The door was pushed open, and Zhou Guilan came in carrying a tray. The wedding candies in the bowl glowed with a warm yellow light under the candlelight.

A wild chrysanthemum was tucked into the white hair at her temple, and her smile was full of apology: "You city kid probably won't be used to coarse sugar. After things are settled, I'll fry some peanuts for you."

I clenched the mugwort candy in my palm and saw Liu Sandao nod at me.

When Zhou Guilan put down the bowl, I noticed a crescent-shaped callus on the inside of her thumb—a mark from years of holding a sickle to cut mugwort.

The wedding candies were slightly warm in the bowl.

I suddenly remembered what Ah Xiu had said to me, and the strip of cloth she had stuffed into my hand.

The character for "lie" in the phrase "They are all lying" is missing a radical.

It's more like the "艾" in "艾草" (Artemisia argyi).

The pharmacopoeia cover on Liu Sandao's suit pocket had been replaced with "A Collection of Folk Remedies" at some point.

The title page reads: "Datura poisoning can be countered with mugwort, but it must be taken for seven consecutive days."

A cacophony of noise rose and fell outside the courtyard, mixed with the suppressed sobs of the girls.

I peered out the window and saw Chen Dashan directing the villagers to hang white lanterns in the ancestral hall.

Zhou Guilan grabbed a little girl in a red coat and smeared white powder on her face.

The girl was at most sixteen or seventeen years old, with a vacant, puppet-like gaze and white foam, possibly from a sedative, sticking to the corner of her mouth.

"Master Liu!

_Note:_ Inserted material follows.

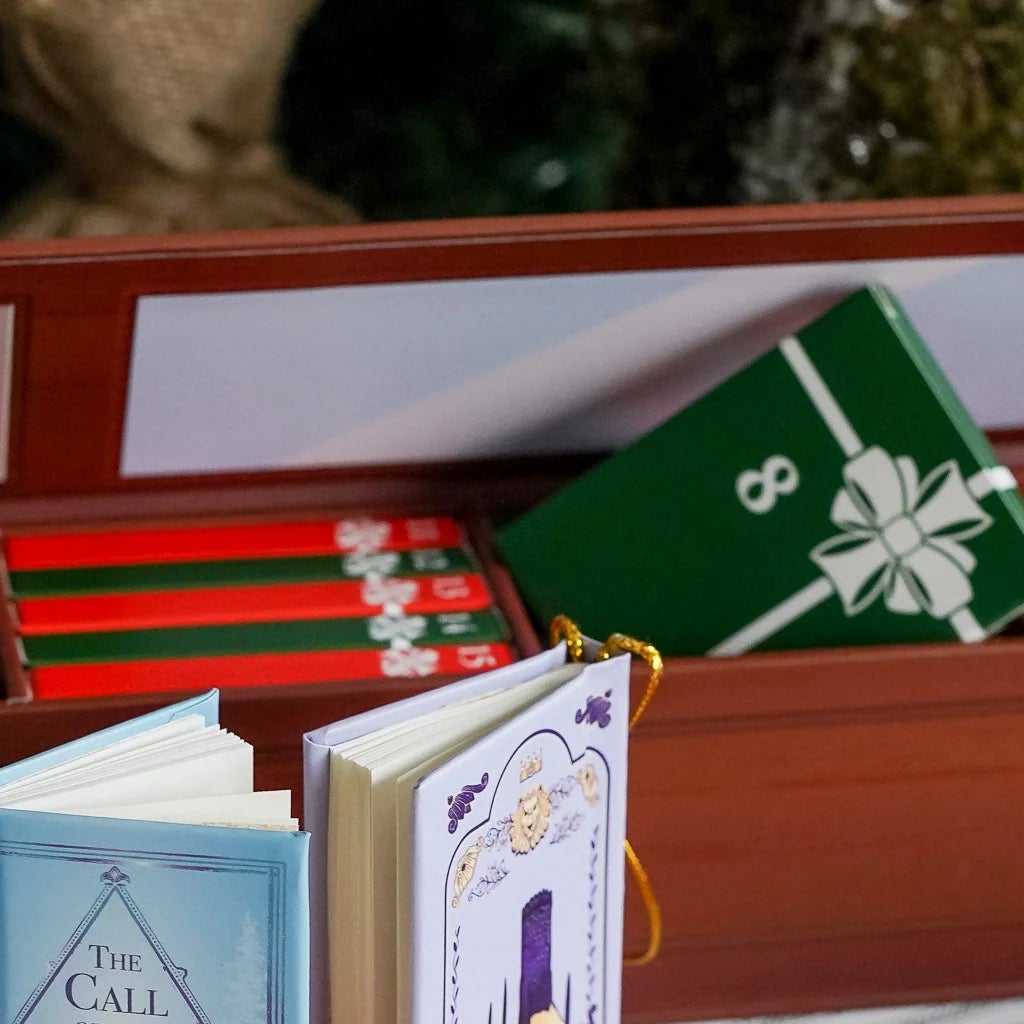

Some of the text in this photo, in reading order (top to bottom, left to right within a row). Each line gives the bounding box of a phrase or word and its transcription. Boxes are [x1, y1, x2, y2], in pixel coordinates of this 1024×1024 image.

[735, 454, 800, 515] 8
[88, 943, 143, 973] THE
[64, 971, 170, 1018] CALL
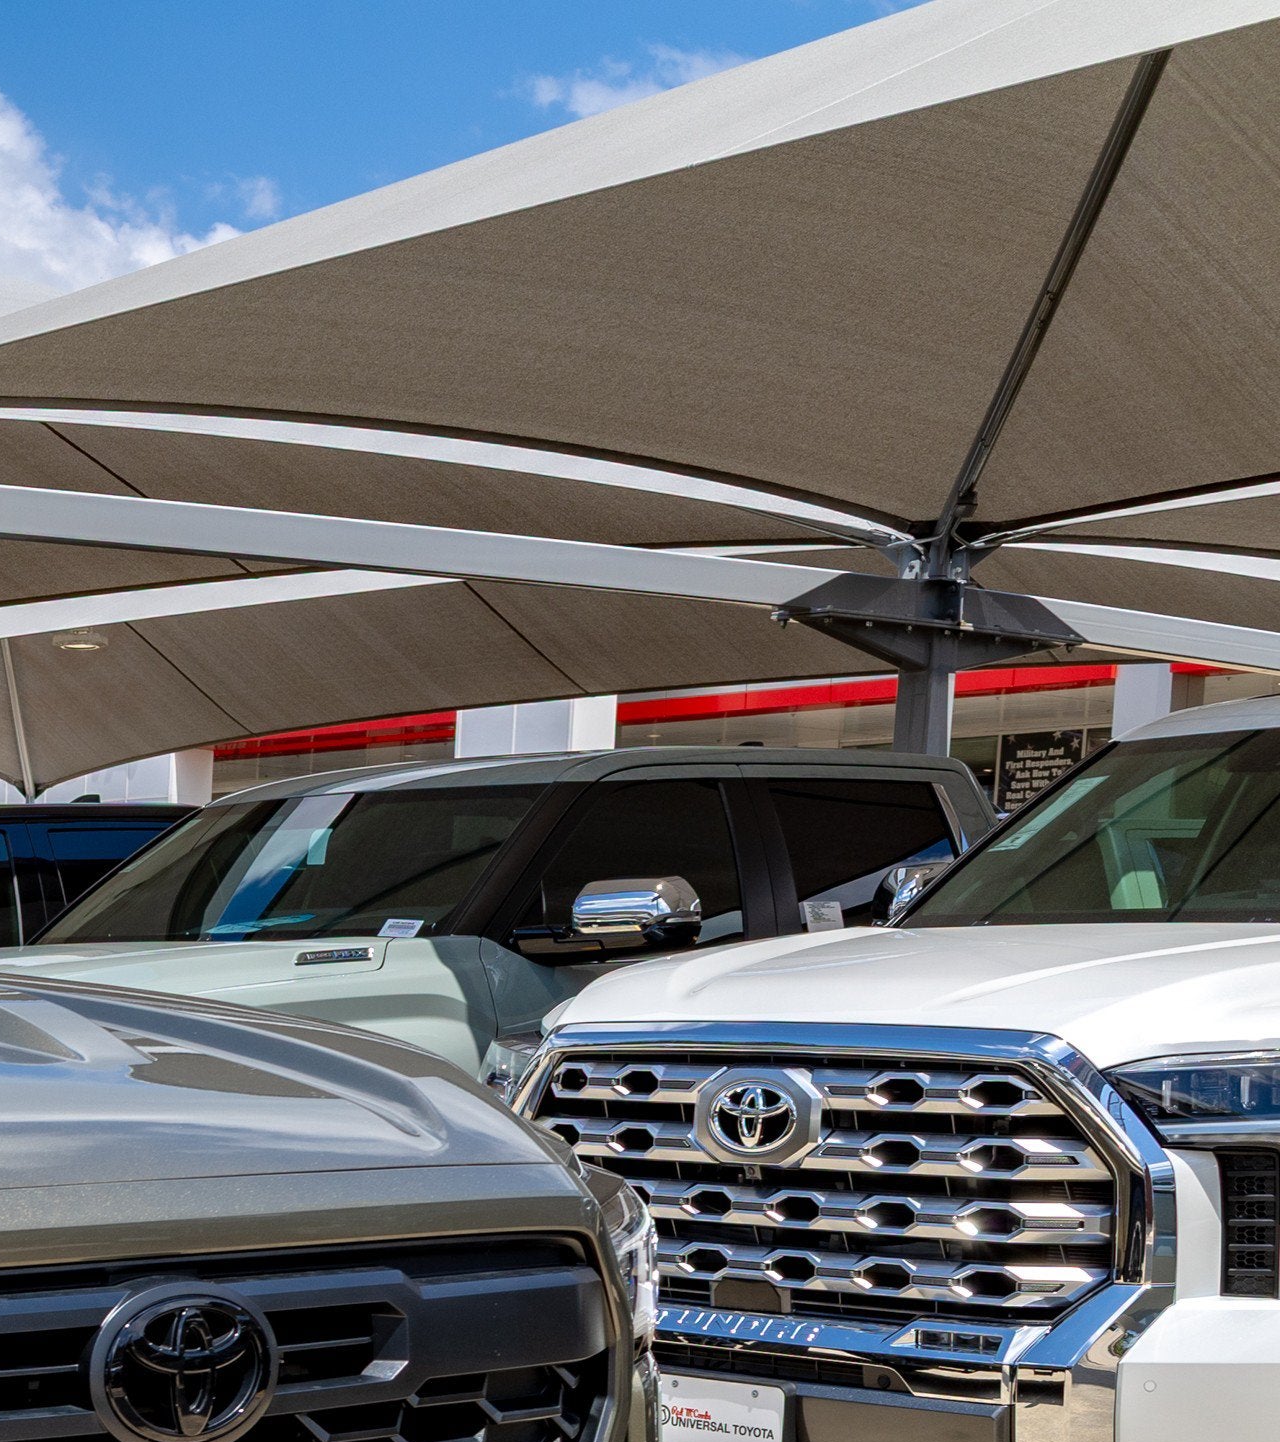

It's time to give the groom a celebratory ceremony!"

Aunt Wang swung in a rusty razor, the blade stained with dark red dirt.

Liu Sandao suddenly blocked my way and pulled out a pair of silver scissors from his suit pocket: "Use these, they've been blessed."

He made a hand gesture on the scissors with his fingertips, then turned to me and winked: "Don't be nervous, it's just a token gesture, shaving three strands of hair as a 'betrothal gift'."

As the silver scissors grazed behind my ear, I heard the sound of chains being dragged from the corner of the yard.

Ah Xiu was tied to the millstone, a faded red paper flower pinned in her hair, staring at the girl tied to the locust tree not far away.

The girl was wearing the same red wedding dress as Ah Xiu from back then, with half a lotus flower embroidered on the lapel.

"Sister-in-law, please untie Ah Xiu, she looks so pitiful."

I said, clutching my sleeve.

Zhou Guilan's hand, which was applying lipstick to the girl, suddenly trembled, and the rouge box fell to the ground with a "thud".

"Don't untie her! She'll bite if she goes berserk!"

Before she could finish speaking, Ah Xiu suddenly struggled violently, making a strange "hoarse" sound from her throat.

He spat out a mouthful of blood.

Liu Sandao glanced at Ah Xiu without saying a word, and then paused his scissors in my hair.

"After we finish this business, I'll take her to stay at the Guanyin Temple in town."

In the afternoon, when the villagers brought seven girls into the village, I realized that the so-called "selection of a wife" was actually a farce.

The girls were blindfolded and tied up under the eaves of the ancestral hall.

The youngest was no more than fourteen or fifteen years old, and their wrists and ankles were tied with red ropes engraved with talismans.

"According to the rules, the groom has to choose the bride by her face."

Chen Dashan handed over a lantern covered with red gauze, his smile carrying an unnatural obsequiousness.

“If you take a fancy to someone, put a cinnabar mole on her forehead.”